Description of the task: The lines to be extracted begin at the line containing "this 1600×1600 image." and end at the last line of the data below; copy them exactly and leave out the pictures.

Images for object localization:
::::

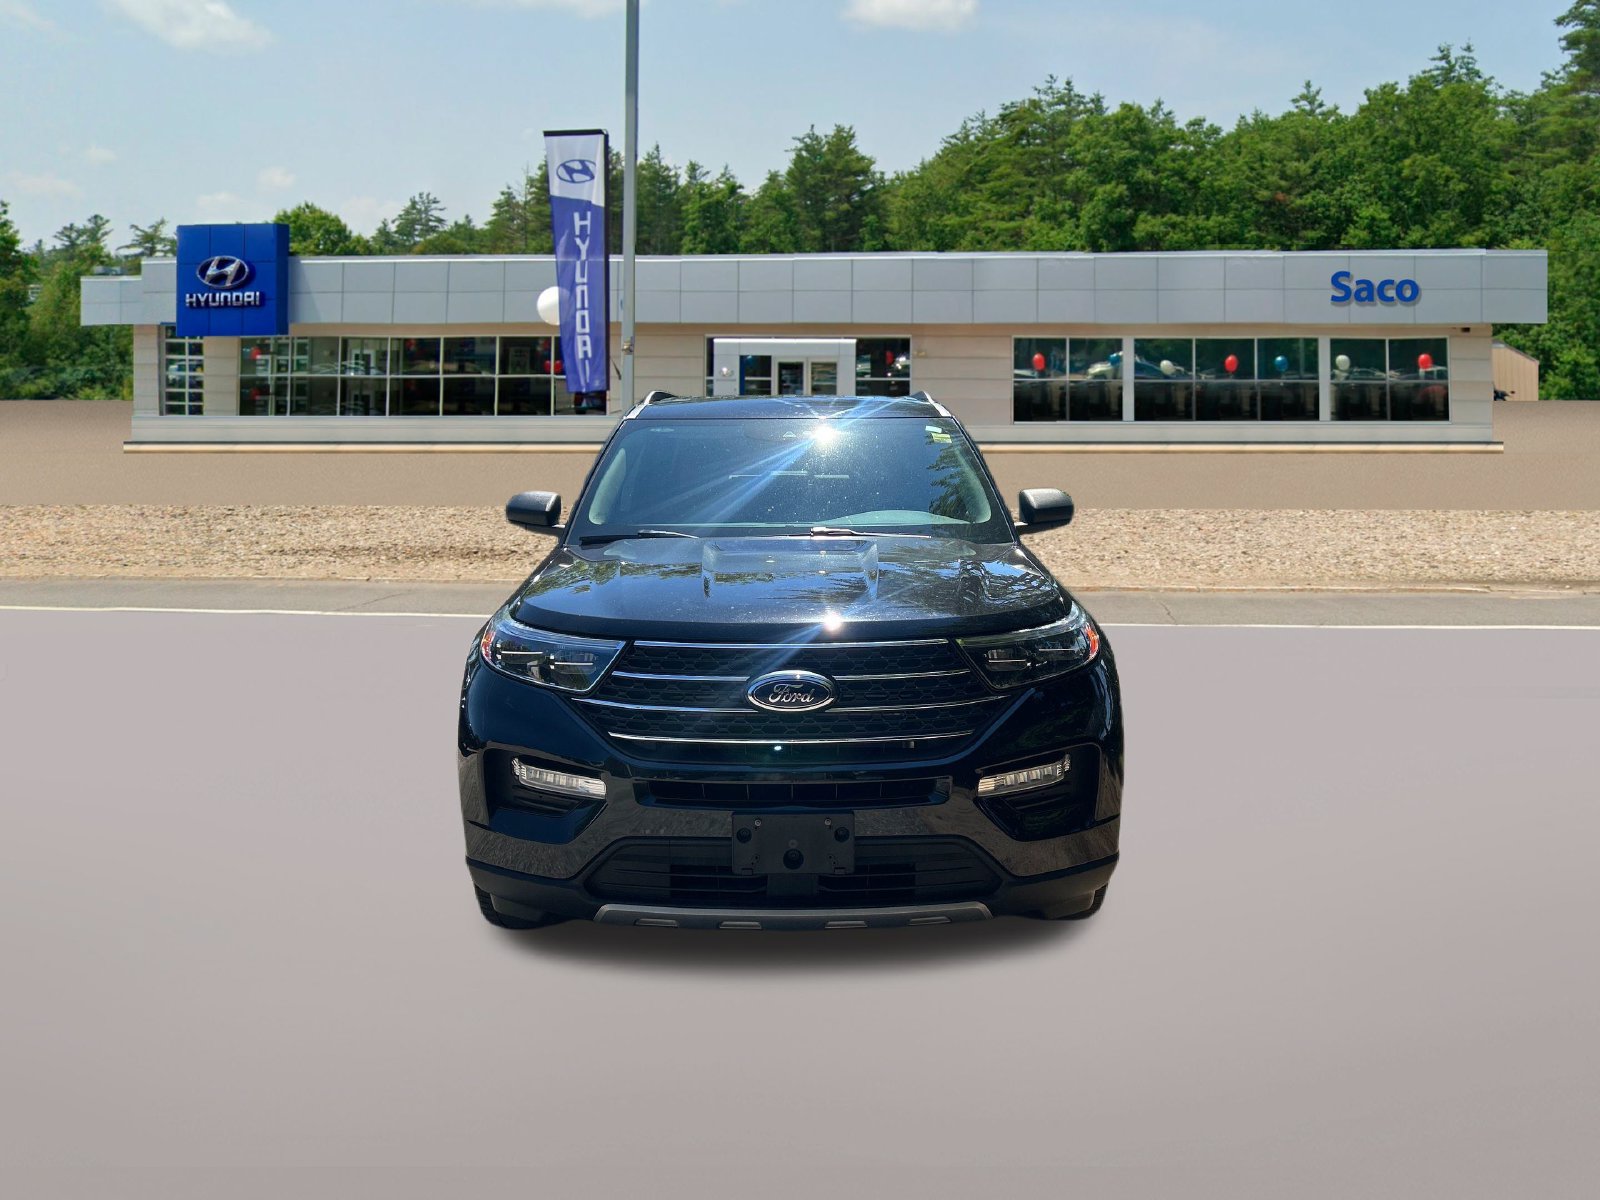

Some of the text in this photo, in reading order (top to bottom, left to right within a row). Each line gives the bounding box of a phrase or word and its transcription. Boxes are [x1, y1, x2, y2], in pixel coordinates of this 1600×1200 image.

[185, 291, 260, 307] HYUNDAI
[573, 211, 592, 384] HYUNDAI
[1330, 270, 1420, 303] Saco
[768, 683, 815, 703] Ford
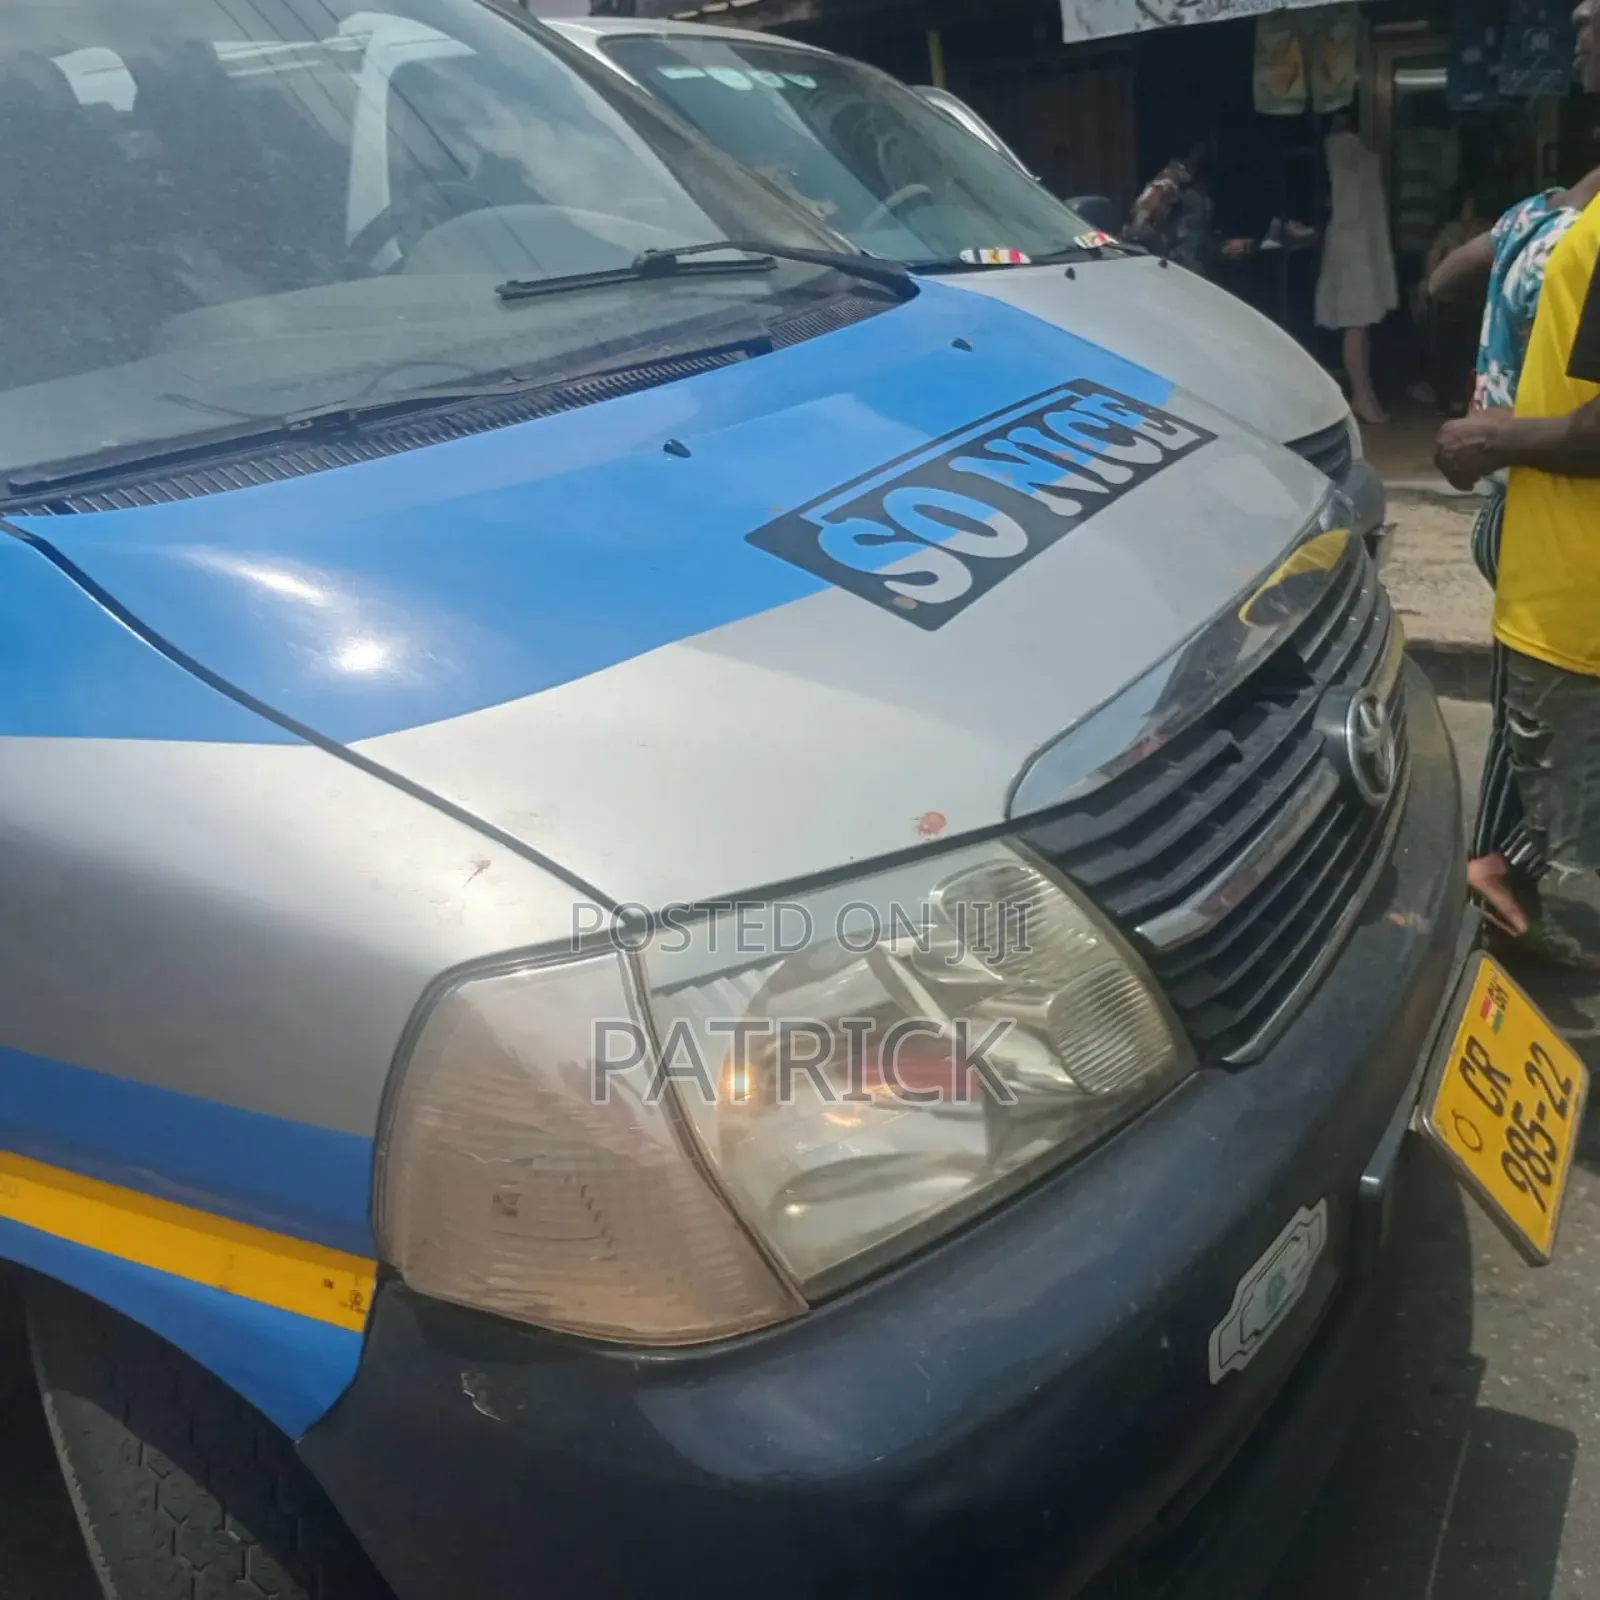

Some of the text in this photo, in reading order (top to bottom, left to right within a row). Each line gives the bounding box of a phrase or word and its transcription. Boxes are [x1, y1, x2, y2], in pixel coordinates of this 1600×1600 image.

[818, 393, 1201, 604] SO NICE
[1459, 1035, 1511, 1117] CR
[1501, 1041, 1572, 1213] 985-22
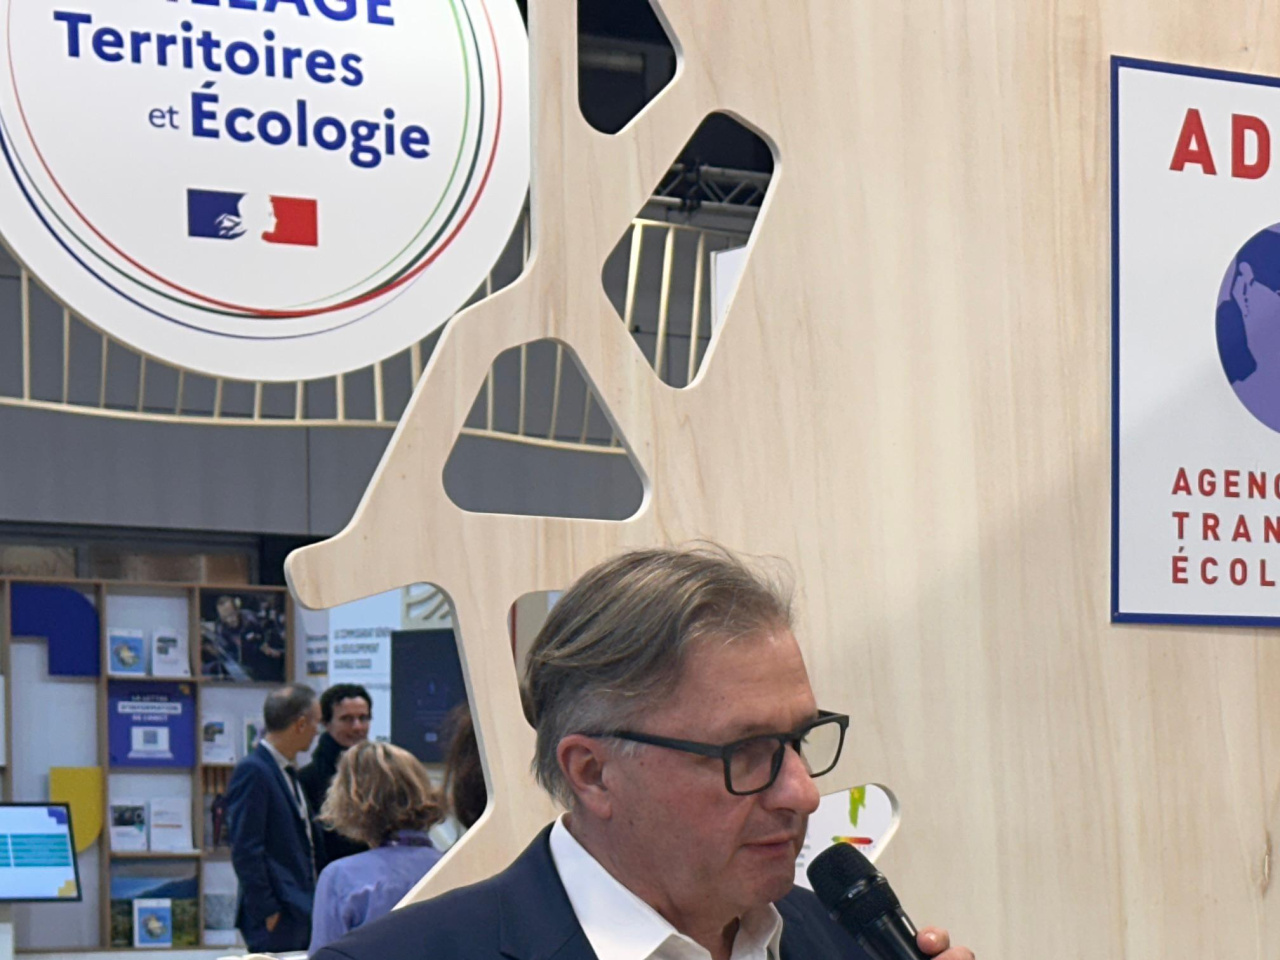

::::

Final answer:
Some of the text in this photo, in reading order (top to bottom, left to right within a row). Each line gives the bounding box of a phrase or word and its transcription. Boxes are [x1, y1, x2, y2], in pixel coordinates of this 1600×1600 image.

[818, 393, 1201, 604] SO NICE
[1459, 1035, 1511, 1117] CR
[1501, 1041, 1572, 1213] 985-22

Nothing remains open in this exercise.